:: What is expected ::
Make an exact copy of the entries, taking out every picture.
Top of Given records
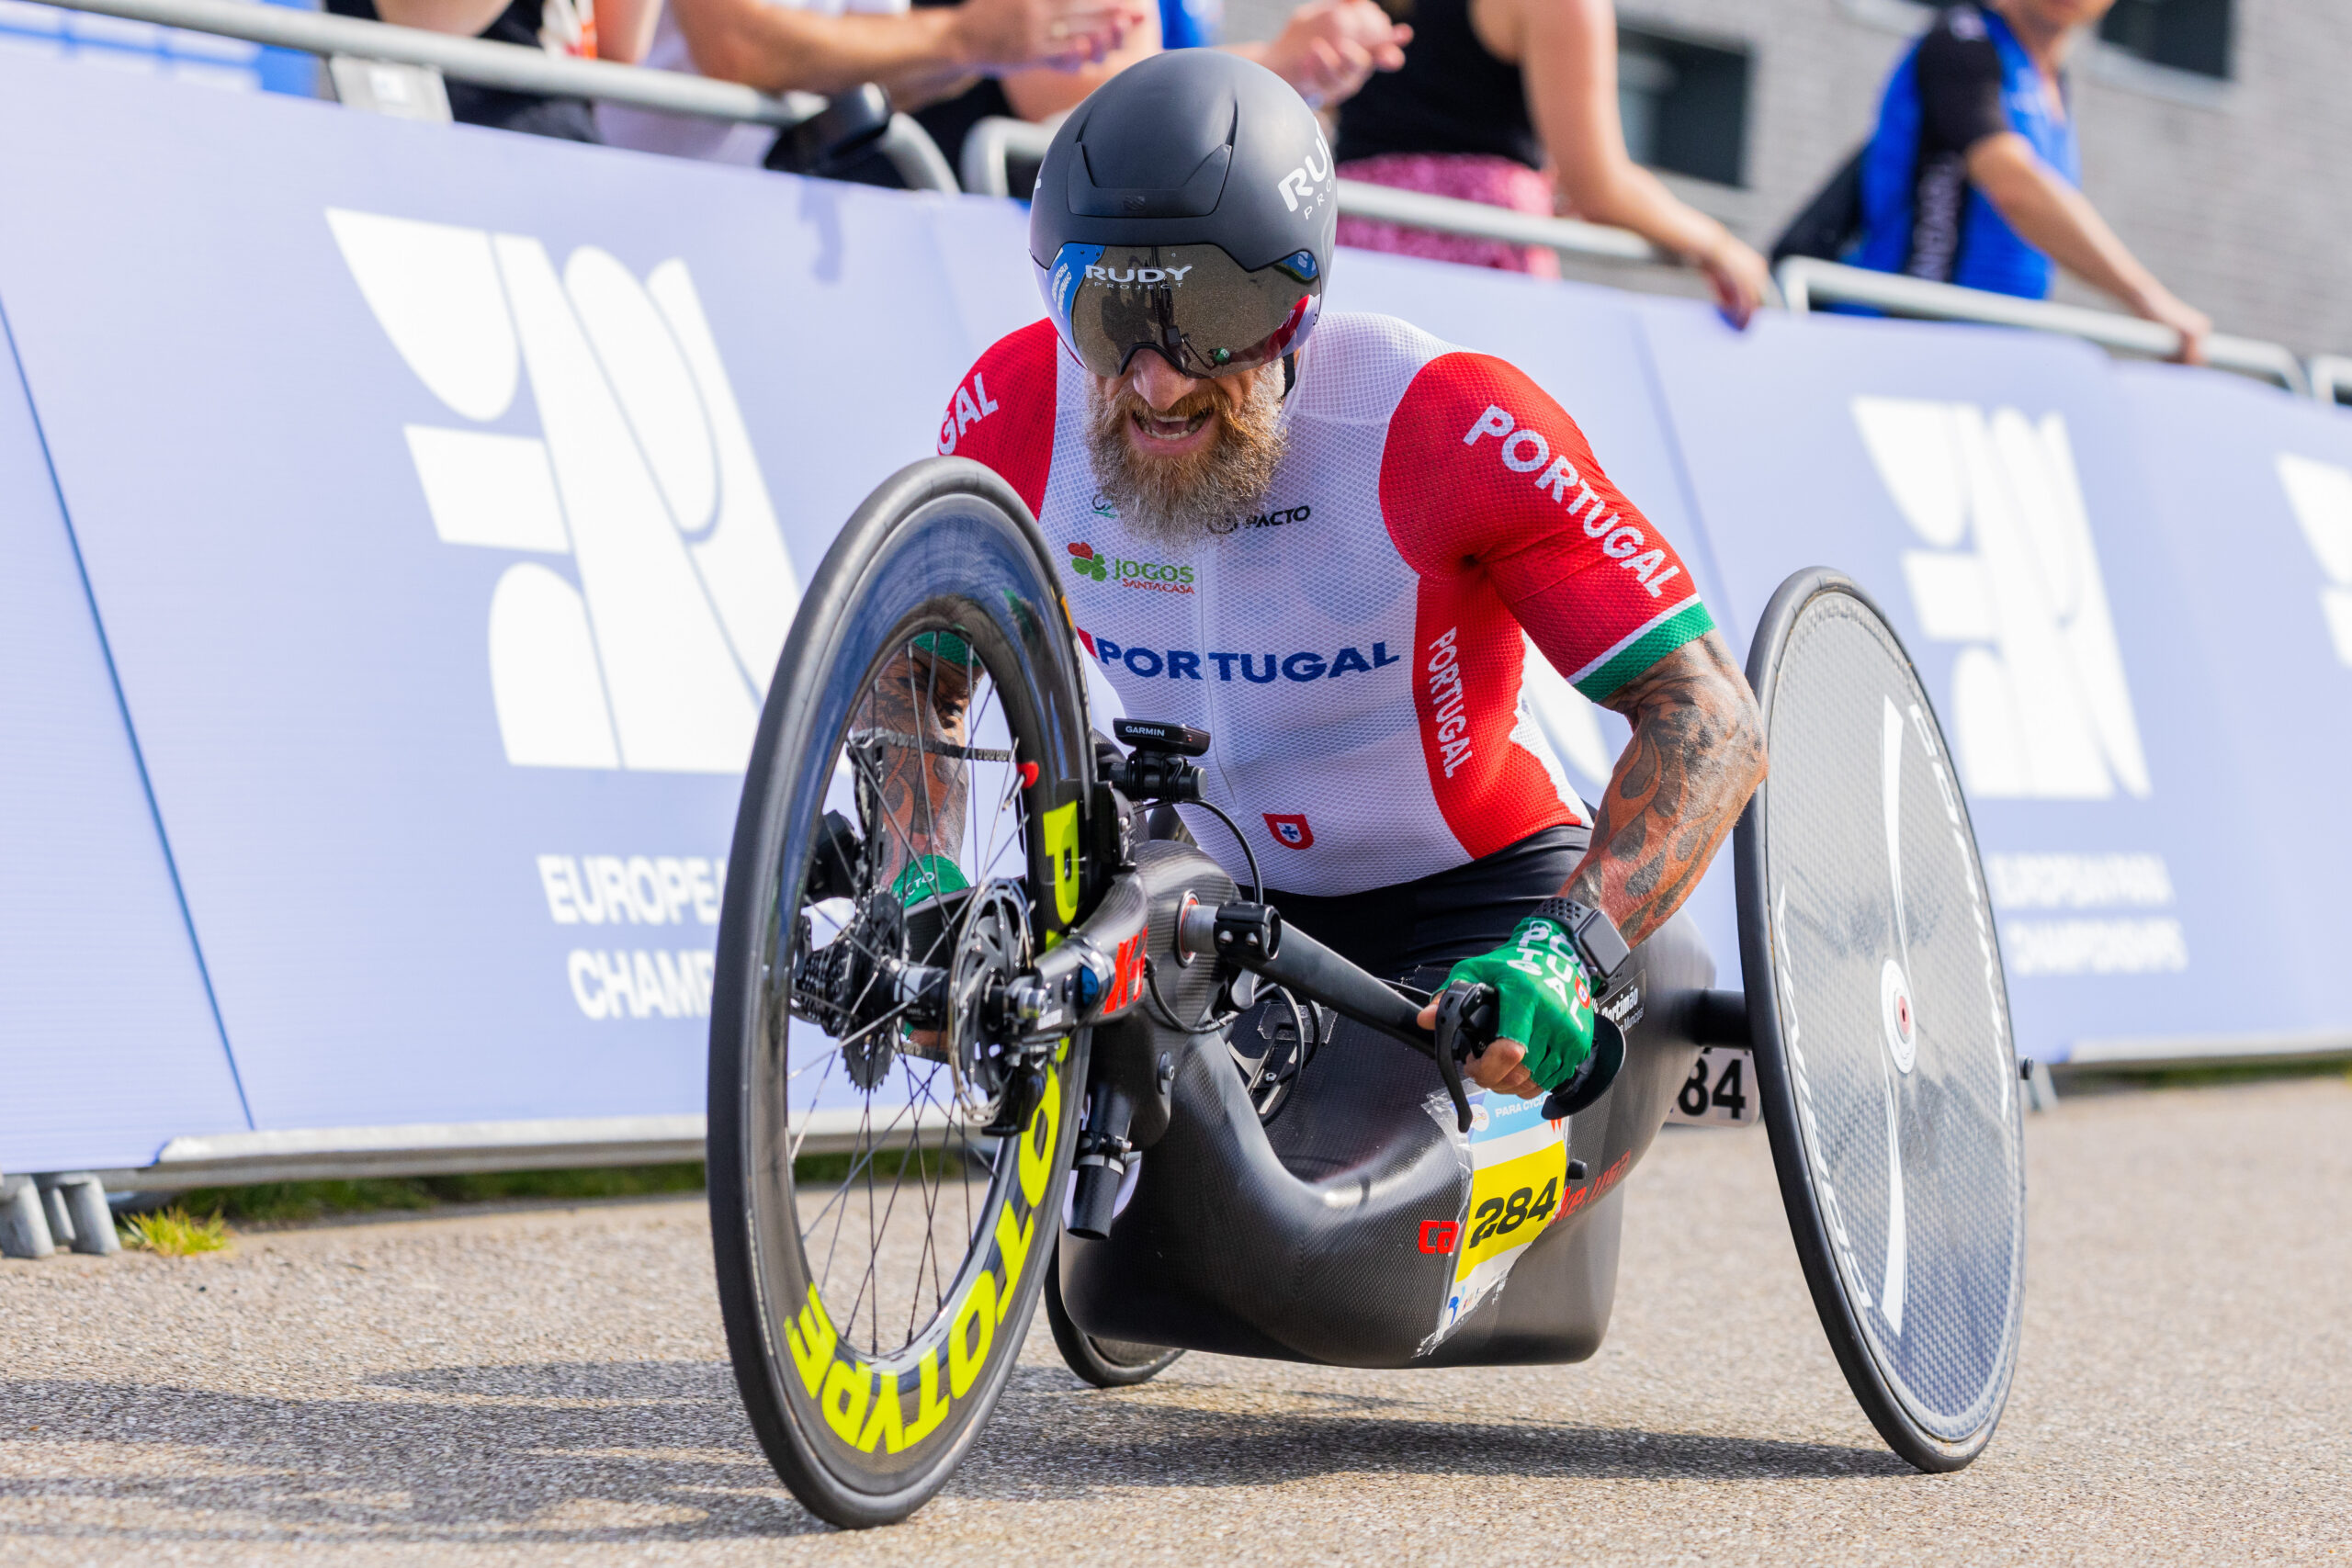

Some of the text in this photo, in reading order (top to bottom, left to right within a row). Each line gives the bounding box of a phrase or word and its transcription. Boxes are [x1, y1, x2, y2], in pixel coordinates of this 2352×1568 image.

[1278, 121, 1329, 212] RU
[1085, 265, 1193, 283] RUDY
[1094, 282, 1183, 290] PROJECT
[1463, 404, 1680, 598] PORTUGAL
[1113, 558, 1194, 583] JOGOS
[1095, 637, 1400, 683] PORTUGAL
[1125, 726, 1165, 737] GARMIN
[1428, 626, 1473, 779] PORTUGAL
[537, 854, 727, 926] EUROPE
[1494, 1103, 1522, 1118] PARA
[1671, 1057, 1747, 1120] 84
[784, 800, 1080, 1455] POTOTYPE
[1469, 1177, 1557, 1249] 284
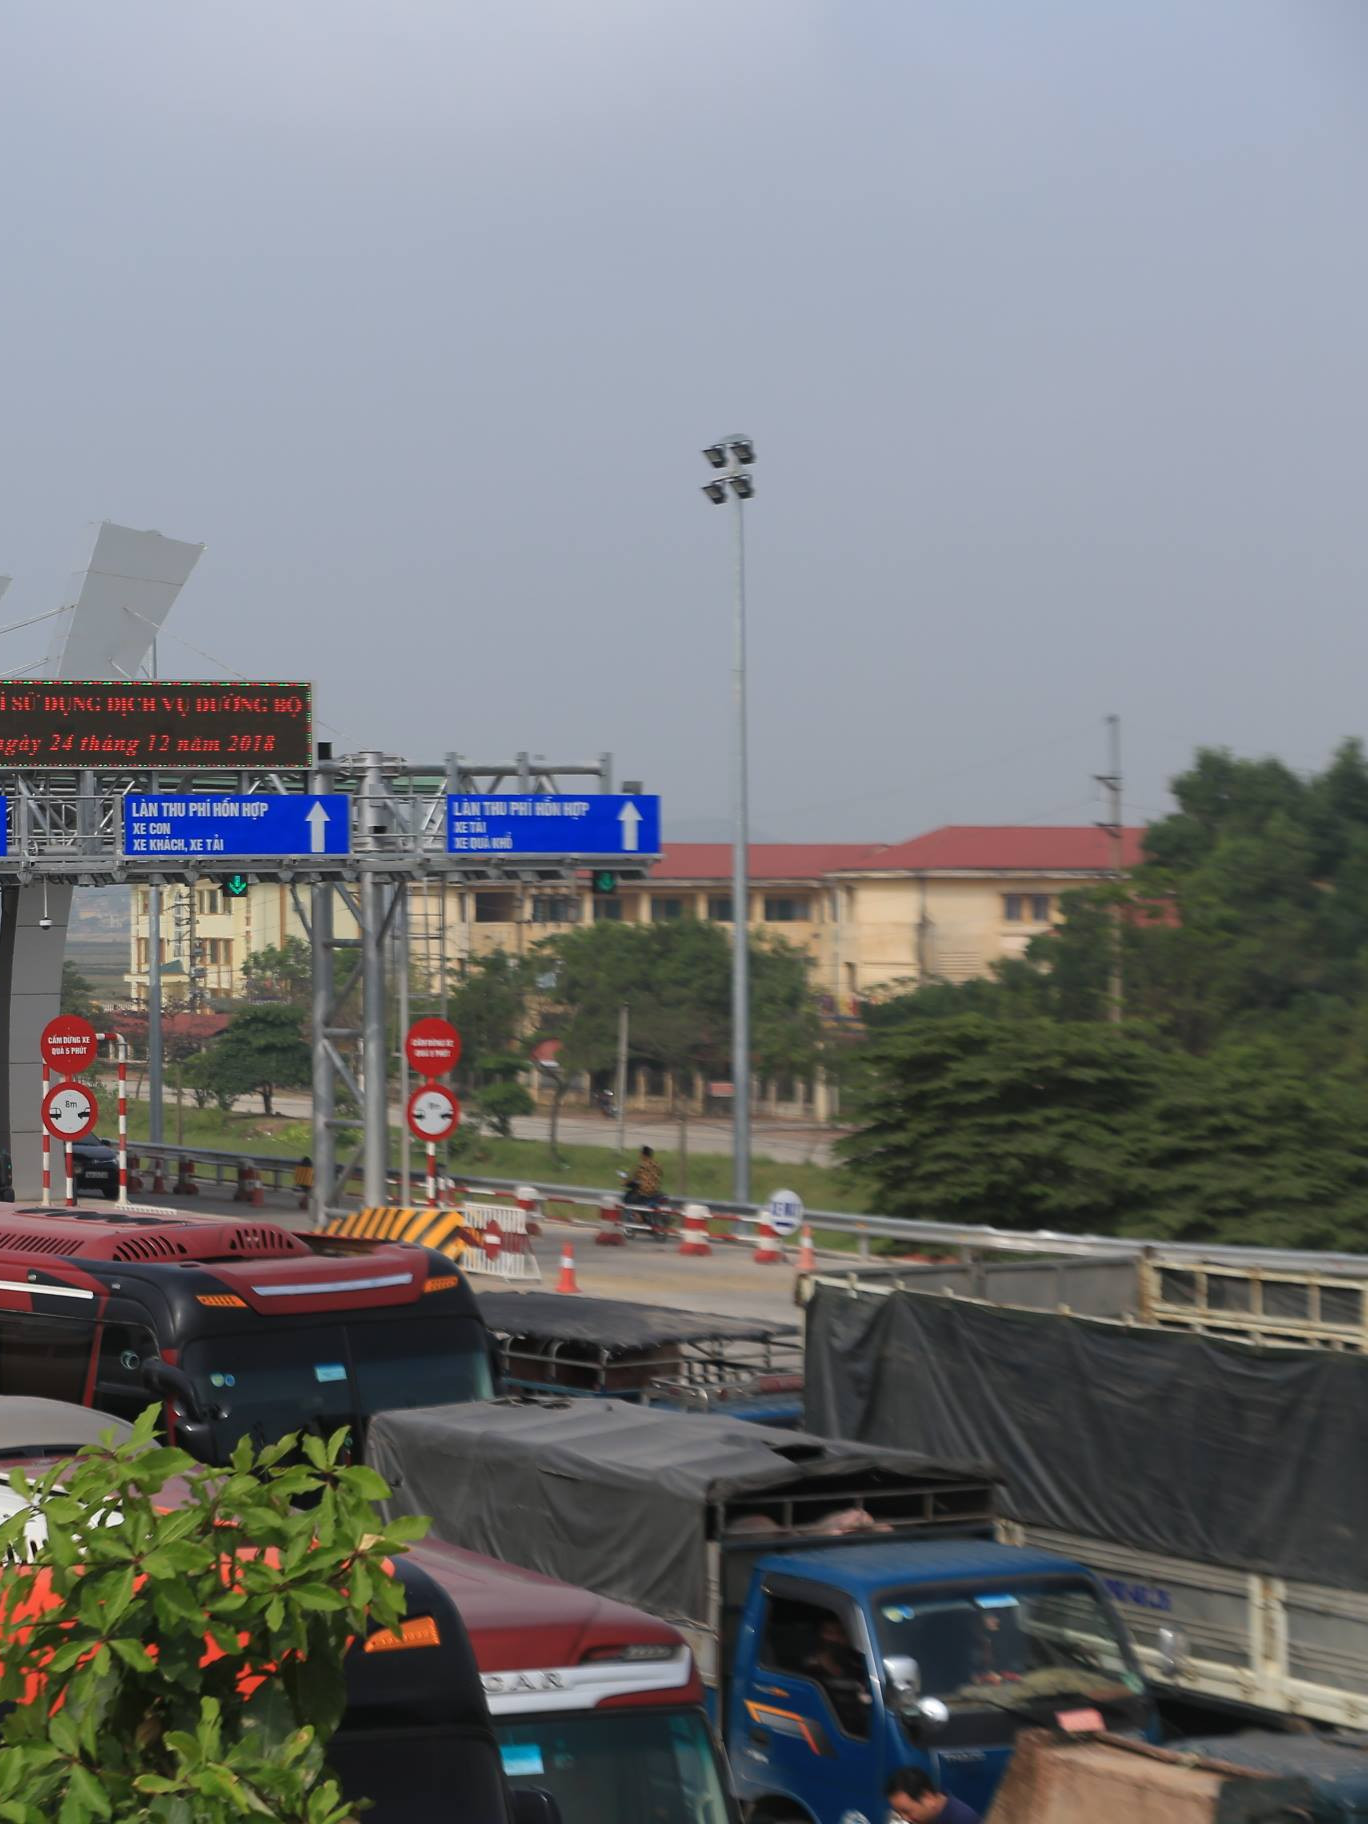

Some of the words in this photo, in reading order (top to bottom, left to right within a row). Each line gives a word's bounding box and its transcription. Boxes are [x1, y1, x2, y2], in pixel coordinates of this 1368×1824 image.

[44, 696, 101, 717] DỤNG
[106, 696, 156, 717] DỊCH
[48, 734, 75, 751] 24
[80, 734, 141, 756] tháng
[147, 734, 172, 751] 12
[177, 735, 221, 752] năm
[227, 734, 277, 752] 2018
[132, 799, 158, 817] LÀN
[162, 802, 186, 817] THU
[189, 799, 211, 817] PHÍ
[242, 802, 269, 820] HỢP
[453, 798, 481, 816] LÀN
[482, 802, 508, 816] THU
[509, 798, 532, 816] PHÍ
[133, 822, 147, 835] XE
[149, 822, 171, 835] CON
[454, 821, 469, 833] XE
[133, 839, 147, 851] XE
[189, 839, 203, 851] XE
[206, 834, 224, 851] TẢI
[454, 837, 469, 849] XE
[82, 1036, 91, 1044] XE
Bottom of Given records
:: Your solution ::
Some of the text in this photo, in reading order (top to bottom, left to right within a row). Each line gives the bounding box of a phrase or word and its transcription. Boxes are [x1, y1, x2, y2], in pixel coordinates of this 2352×1568 image.

[1278, 121, 1329, 212] RU
[1085, 265, 1193, 283] RUDY
[1094, 282, 1183, 290] PROJECT
[1463, 404, 1680, 598] PORTUGAL
[1113, 558, 1194, 583] JOGOS
[1095, 637, 1400, 683] PORTUGAL
[1125, 726, 1165, 737] GARMIN
[1428, 626, 1473, 779] PORTUGAL
[537, 854, 727, 926] EUROPE
[1494, 1103, 1522, 1118] PARA
[1671, 1057, 1747, 1120] 84
[784, 800, 1080, 1455] POTOTYPE
[1469, 1177, 1557, 1249] 284

Some of the words in this photo, in reading order (top to bottom, left to right within a row). Each line gives a word's bounding box and its transcription. Boxes are [x1, y1, x2, y2], in pixel coordinates of this 1368×1824 image.

[44, 696, 101, 717] DỤNG
[106, 696, 156, 717] DỊCH
[48, 734, 75, 751] 24
[80, 734, 141, 756] tháng
[147, 734, 172, 751] 12
[177, 735, 221, 752] năm
[227, 734, 277, 752] 2018
[132, 799, 158, 817] LÀN
[162, 802, 186, 817] THU
[189, 799, 211, 817] PHÍ
[242, 802, 269, 820] HỢP
[453, 798, 481, 816] LÀN
[482, 802, 508, 816] THU
[509, 798, 532, 816] PHÍ
[133, 822, 147, 835] XE
[149, 822, 171, 835] CON
[454, 821, 469, 833] XE
[133, 839, 147, 851] XE
[189, 839, 203, 851] XE
[206, 834, 224, 851] TẢI
[454, 837, 469, 849] XE
[82, 1036, 91, 1044] XE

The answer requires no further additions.